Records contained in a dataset

↓

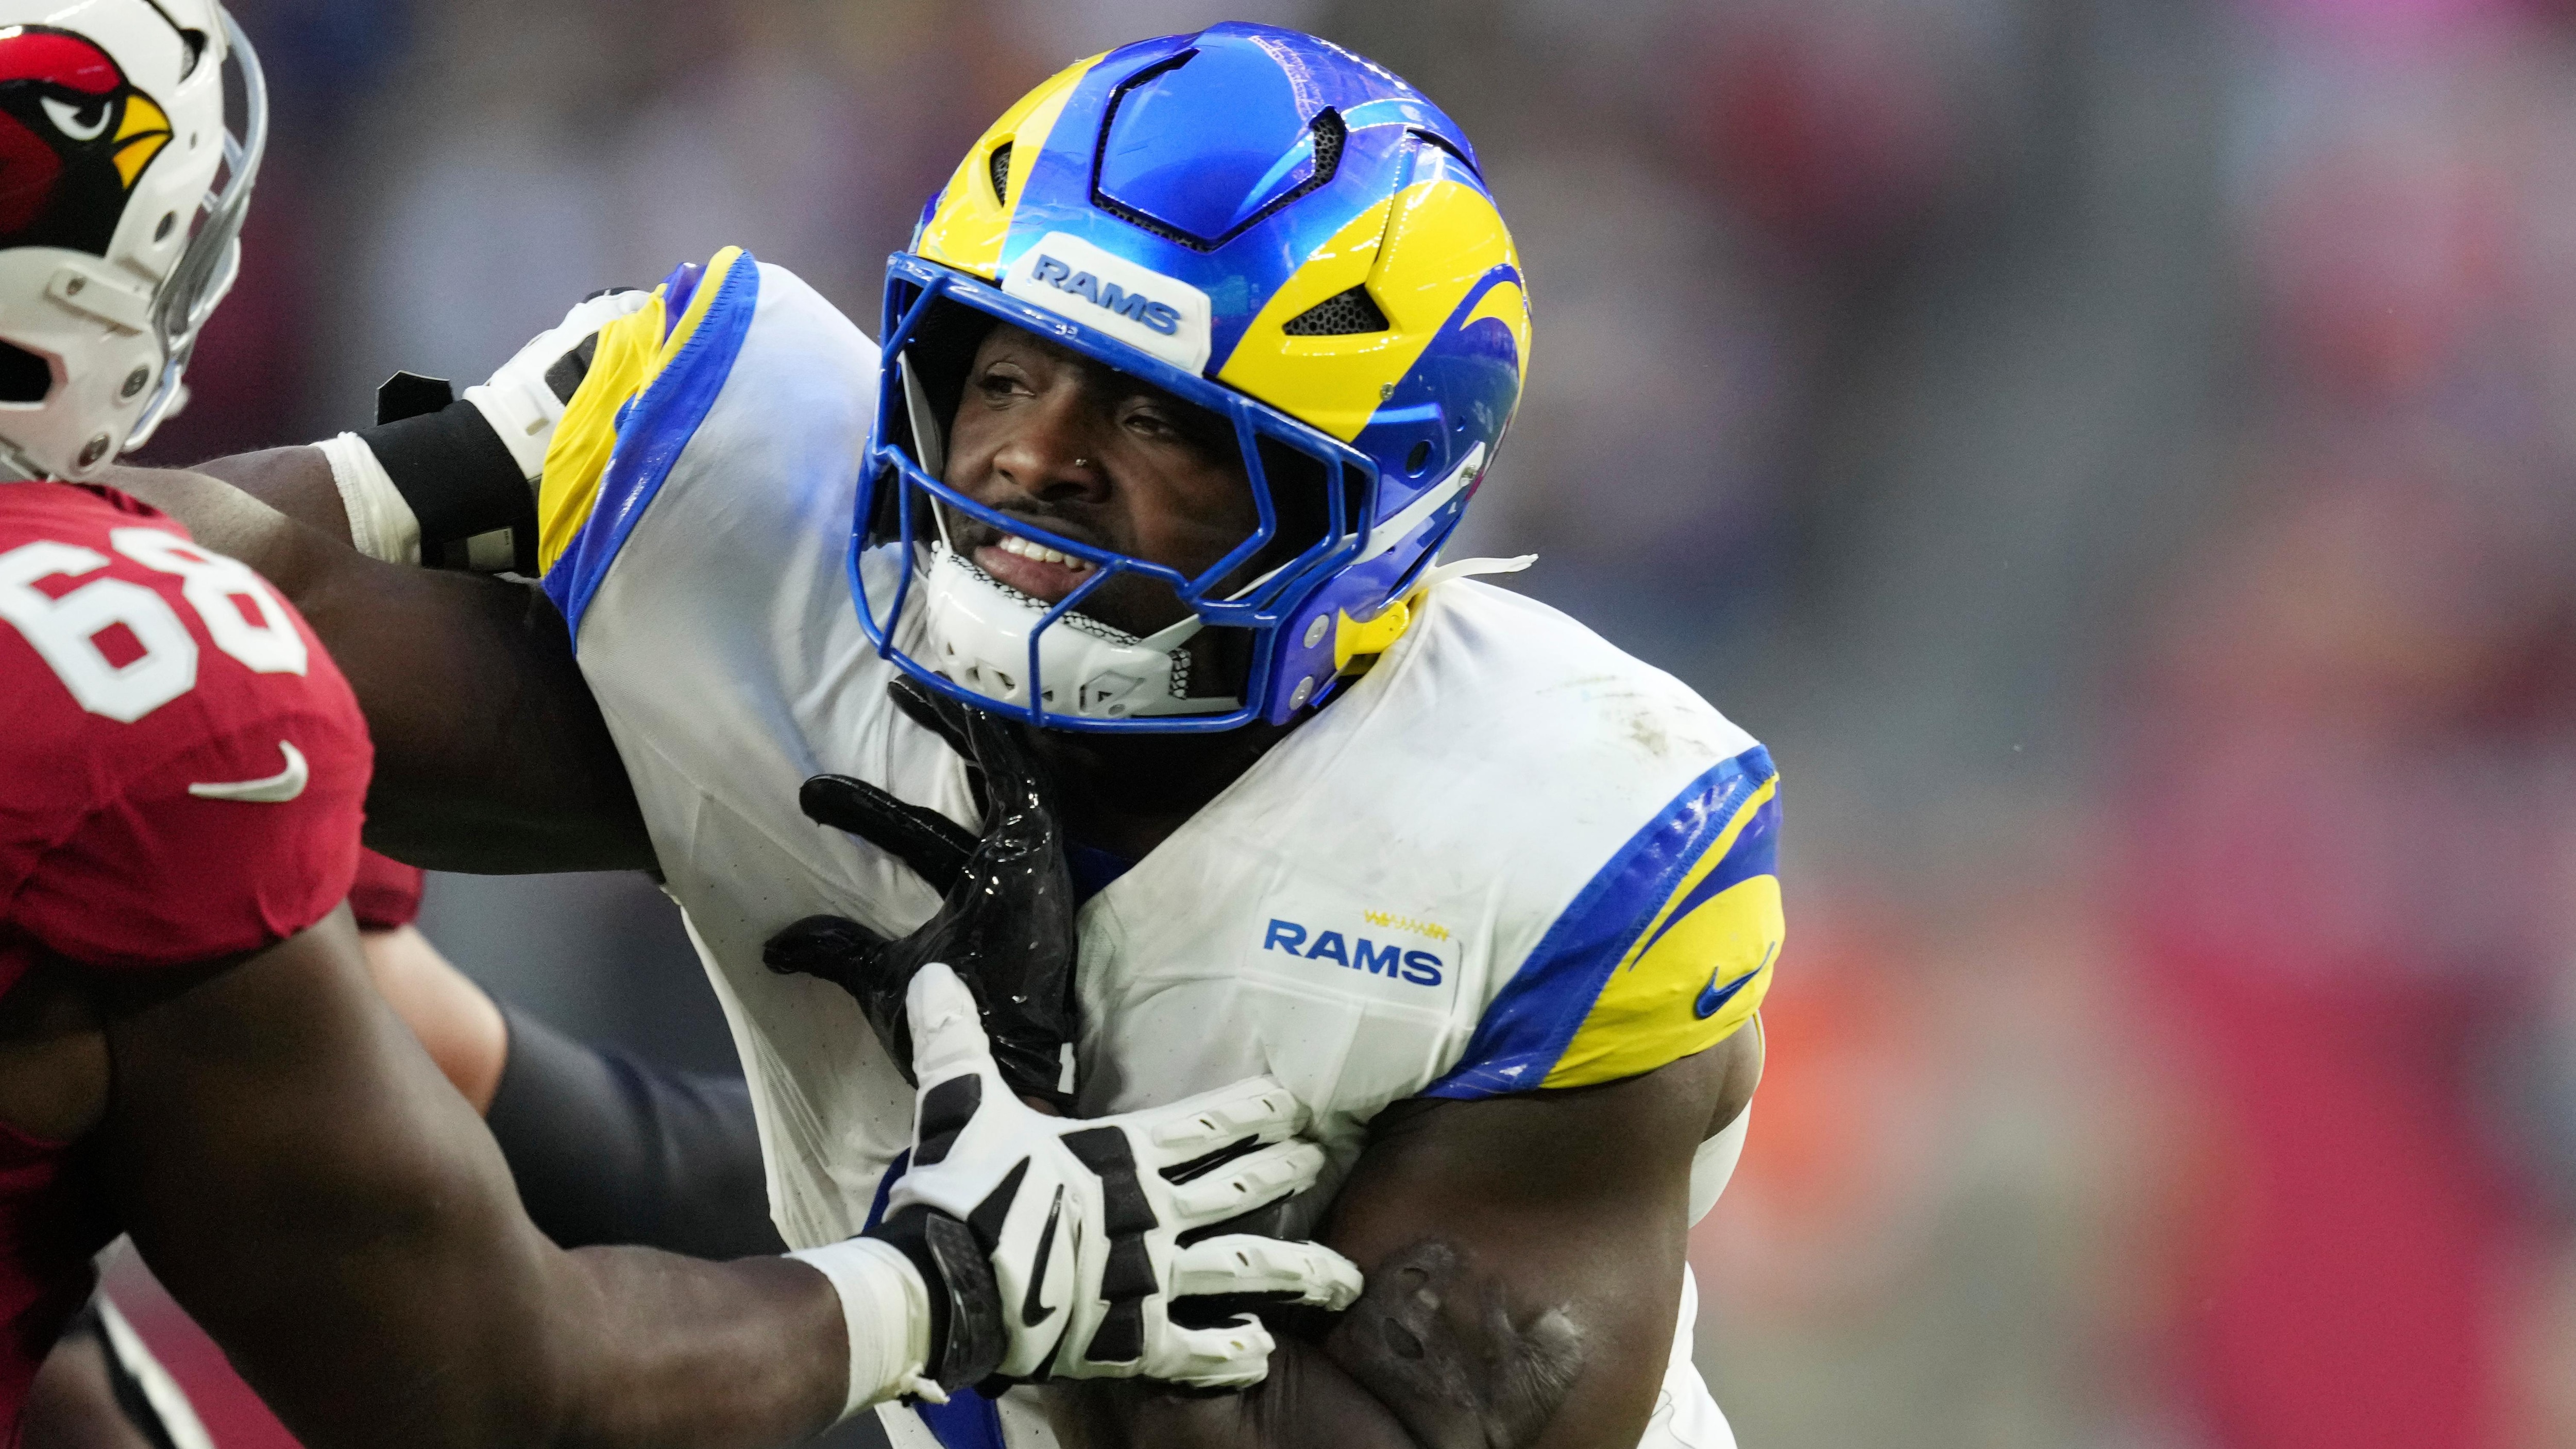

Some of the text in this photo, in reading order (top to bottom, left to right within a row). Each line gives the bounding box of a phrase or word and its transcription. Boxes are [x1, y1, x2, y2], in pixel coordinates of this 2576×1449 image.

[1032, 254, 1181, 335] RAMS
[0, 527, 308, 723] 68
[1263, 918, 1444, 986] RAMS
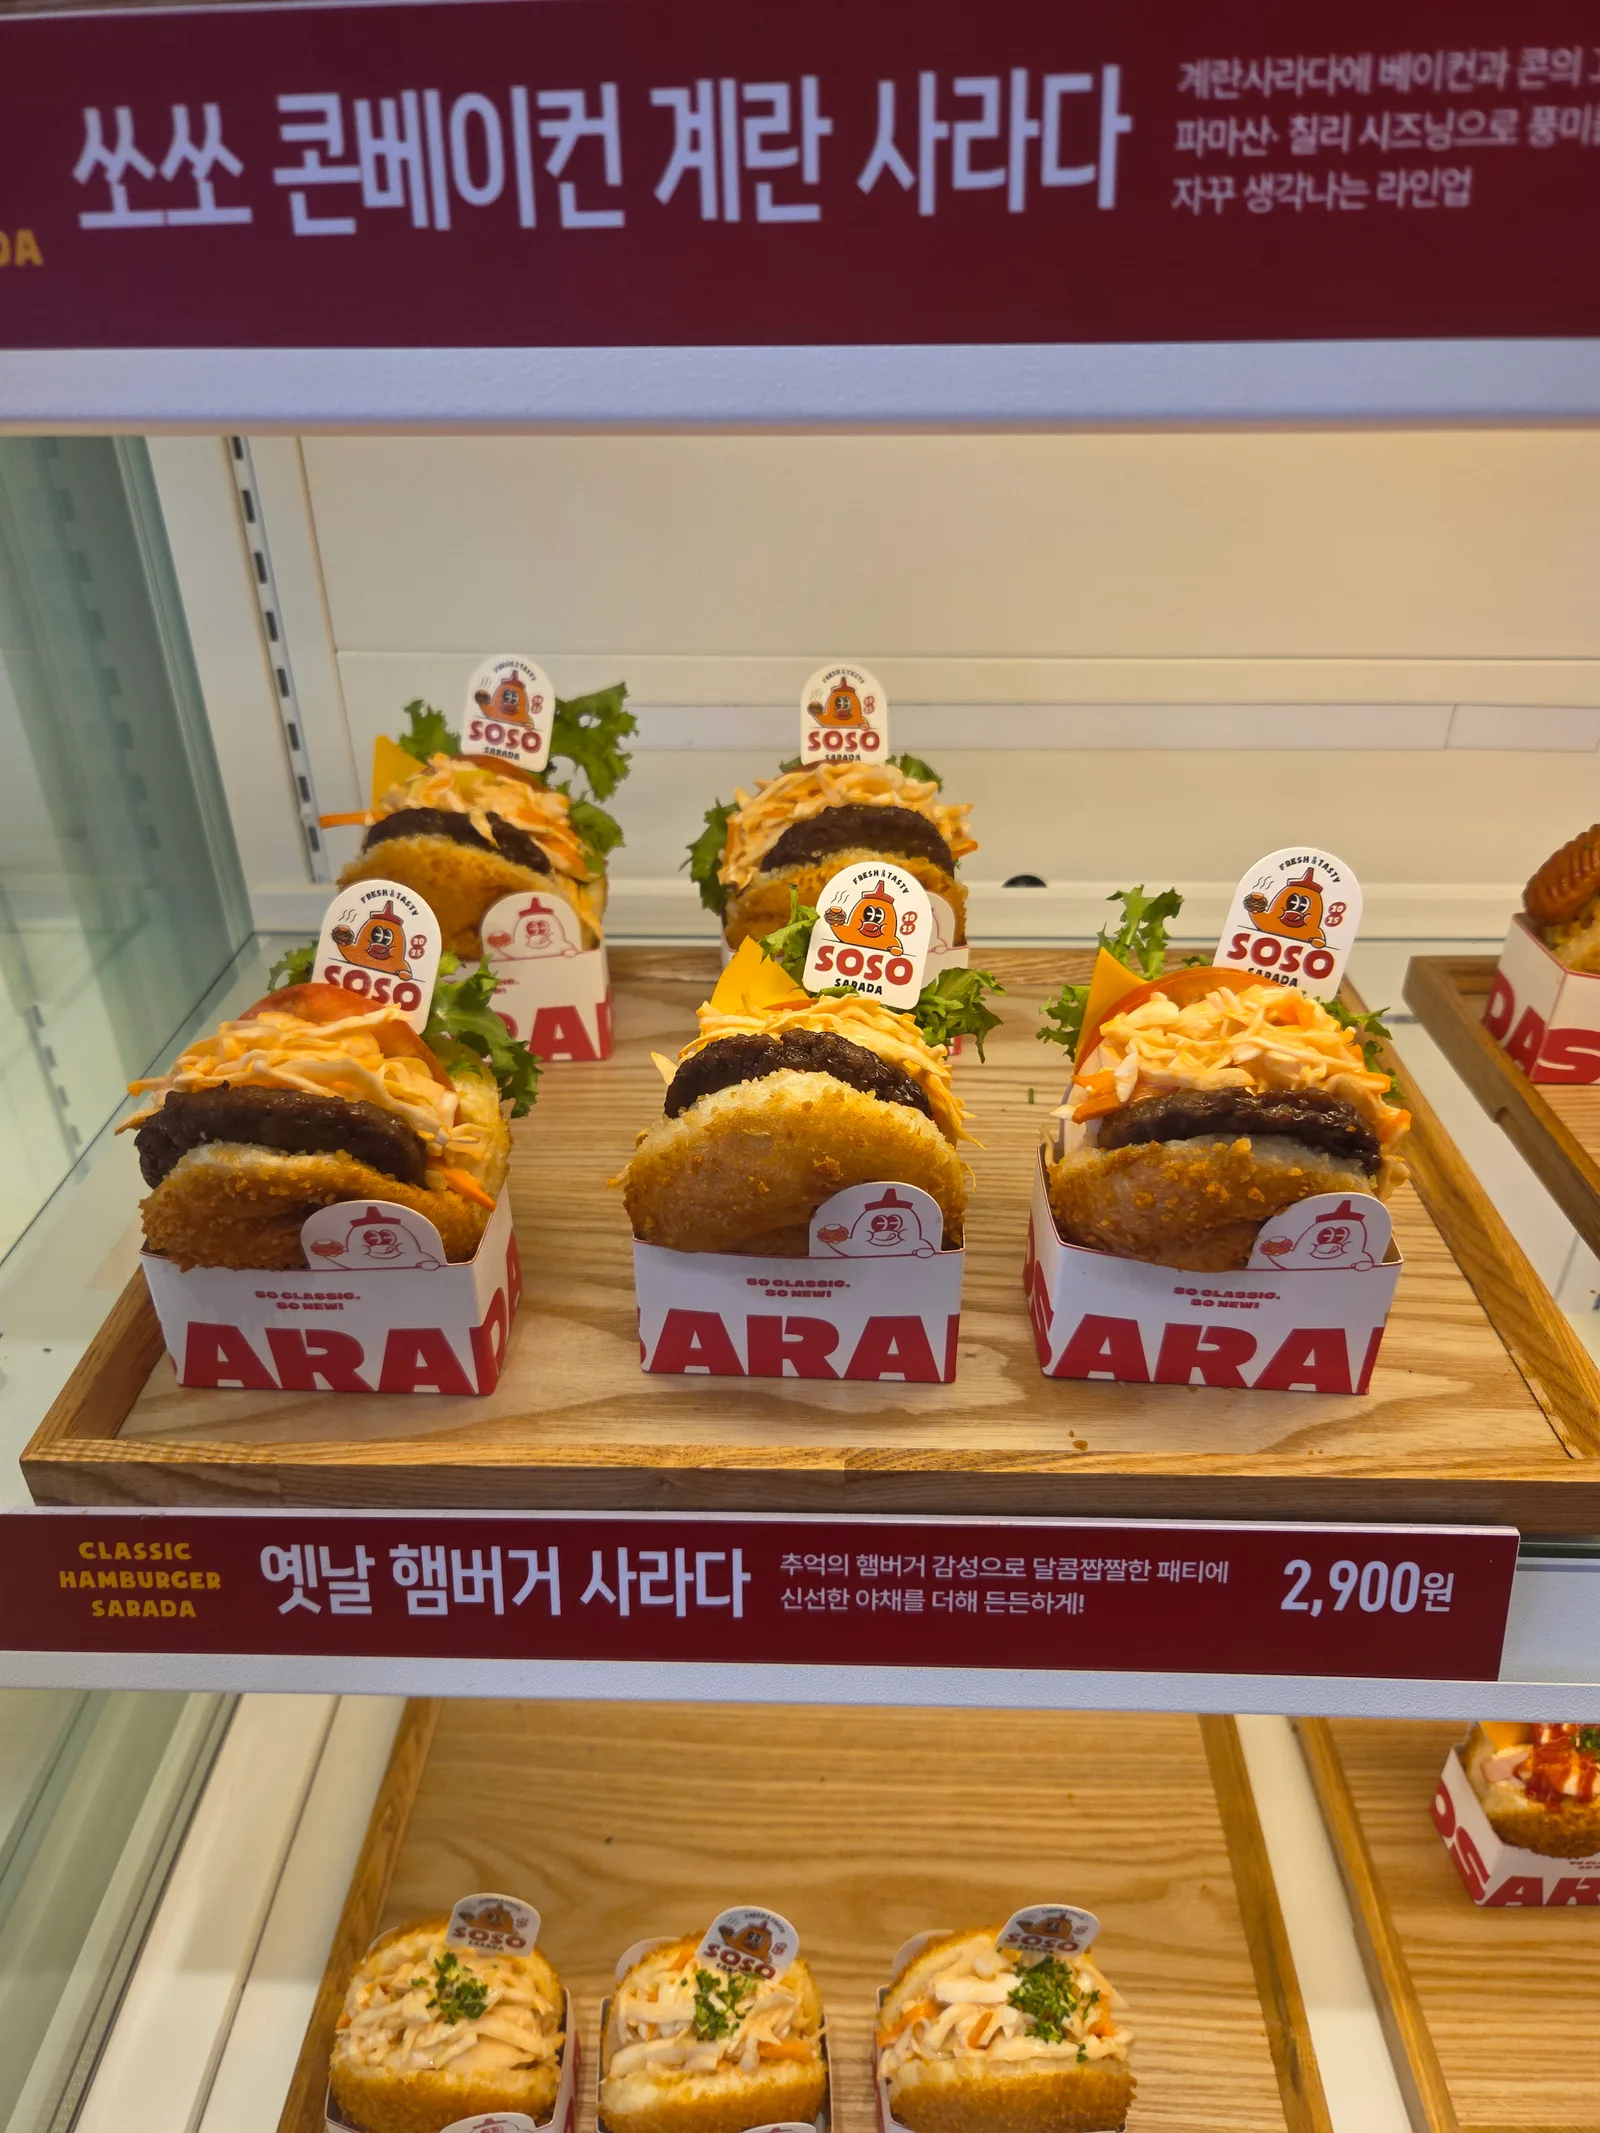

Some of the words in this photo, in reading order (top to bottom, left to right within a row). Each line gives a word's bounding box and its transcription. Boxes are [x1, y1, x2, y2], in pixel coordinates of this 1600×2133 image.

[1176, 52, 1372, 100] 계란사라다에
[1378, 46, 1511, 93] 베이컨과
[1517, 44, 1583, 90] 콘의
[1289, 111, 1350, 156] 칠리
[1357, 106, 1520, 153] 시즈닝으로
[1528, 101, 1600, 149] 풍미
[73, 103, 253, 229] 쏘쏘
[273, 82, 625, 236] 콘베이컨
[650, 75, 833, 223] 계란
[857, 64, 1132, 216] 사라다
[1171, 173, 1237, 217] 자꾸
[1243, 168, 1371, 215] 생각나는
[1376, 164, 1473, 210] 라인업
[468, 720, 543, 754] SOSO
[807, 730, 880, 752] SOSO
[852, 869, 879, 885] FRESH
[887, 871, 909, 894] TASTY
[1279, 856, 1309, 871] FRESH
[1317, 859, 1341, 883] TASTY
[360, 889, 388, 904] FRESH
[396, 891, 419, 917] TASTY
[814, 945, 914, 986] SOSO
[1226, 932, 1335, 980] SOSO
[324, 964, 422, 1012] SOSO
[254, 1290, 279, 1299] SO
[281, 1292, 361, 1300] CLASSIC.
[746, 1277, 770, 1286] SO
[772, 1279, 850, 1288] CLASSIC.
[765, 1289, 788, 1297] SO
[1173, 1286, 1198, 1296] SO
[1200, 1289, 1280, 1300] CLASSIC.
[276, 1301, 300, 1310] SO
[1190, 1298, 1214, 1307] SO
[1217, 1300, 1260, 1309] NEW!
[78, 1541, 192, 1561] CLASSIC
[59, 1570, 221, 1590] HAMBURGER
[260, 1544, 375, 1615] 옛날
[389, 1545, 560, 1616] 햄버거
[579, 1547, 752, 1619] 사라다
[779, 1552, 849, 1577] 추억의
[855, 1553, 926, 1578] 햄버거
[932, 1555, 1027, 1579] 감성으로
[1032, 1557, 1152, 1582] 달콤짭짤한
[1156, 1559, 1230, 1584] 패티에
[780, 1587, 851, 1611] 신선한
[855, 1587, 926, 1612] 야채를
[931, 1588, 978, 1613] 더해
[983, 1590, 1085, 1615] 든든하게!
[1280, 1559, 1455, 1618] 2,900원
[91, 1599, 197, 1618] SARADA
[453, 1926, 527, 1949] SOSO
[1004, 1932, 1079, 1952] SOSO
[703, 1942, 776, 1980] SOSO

↑

» WHAT YOU ARE ASKED TO DO
Without the pictures, return the records above exactly as written.

» WORKED SOLUTION
Some of the text in this photo, in reading order (top to bottom, left to right within a row). Each line gives the bounding box of a phrase or word and its transcription. Boxes are [x1, y1, x2, y2], in pixel coordinates of this 2576×1449 image.

[1032, 254, 1181, 335] RAMS
[0, 527, 308, 723] 68
[1263, 918, 1444, 986] RAMS

Some of the words in this photo, in reading order (top to bottom, left to right within a row). Each line gives a word's bounding box and its transcription. Boxes are [x1, y1, x2, y2], in pixel coordinates of this 1600×2133 image.

[1176, 52, 1372, 100] 계란사라다에
[1378, 46, 1511, 93] 베이컨과
[1517, 44, 1583, 90] 콘의
[1289, 111, 1350, 156] 칠리
[1357, 106, 1520, 153] 시즈닝으로
[1528, 101, 1600, 149] 풍미
[73, 103, 253, 229] 쏘쏘
[273, 82, 625, 236] 콘베이컨
[650, 75, 833, 223] 계란
[857, 64, 1132, 216] 사라다
[1171, 173, 1237, 217] 자꾸
[1243, 168, 1371, 215] 생각나는
[1376, 164, 1473, 210] 라인업
[468, 720, 543, 754] SOSO
[807, 730, 880, 752] SOSO
[852, 869, 879, 885] FRESH
[887, 871, 909, 894] TASTY
[1279, 856, 1309, 871] FRESH
[1317, 859, 1341, 883] TASTY
[360, 889, 388, 904] FRESH
[396, 891, 419, 917] TASTY
[814, 945, 914, 986] SOSO
[1226, 932, 1335, 980] SOSO
[324, 964, 422, 1012] SOSO
[254, 1290, 279, 1299] SO
[281, 1292, 361, 1300] CLASSIC.
[746, 1277, 770, 1286] SO
[772, 1279, 850, 1288] CLASSIC.
[765, 1289, 788, 1297] SO
[1173, 1286, 1198, 1296] SO
[1200, 1289, 1280, 1300] CLASSIC.
[276, 1301, 300, 1310] SO
[1190, 1298, 1214, 1307] SO
[1217, 1300, 1260, 1309] NEW!
[78, 1541, 192, 1561] CLASSIC
[59, 1570, 221, 1590] HAMBURGER
[260, 1544, 375, 1615] 옛날
[389, 1545, 560, 1616] 햄버거
[579, 1547, 752, 1619] 사라다
[779, 1552, 849, 1577] 추억의
[855, 1553, 926, 1578] 햄버거
[932, 1555, 1027, 1579] 감성으로
[1032, 1557, 1152, 1582] 달콤짭짤한
[1156, 1559, 1230, 1584] 패티에
[780, 1587, 851, 1611] 신선한
[855, 1587, 926, 1612] 야채를
[931, 1588, 978, 1613] 더해
[983, 1590, 1085, 1615] 든든하게!
[1280, 1559, 1455, 1618] 2,900원
[91, 1599, 197, 1618] SARADA
[453, 1926, 527, 1949] SOSO
[1004, 1932, 1079, 1952] SOSO
[703, 1942, 776, 1980] SOSO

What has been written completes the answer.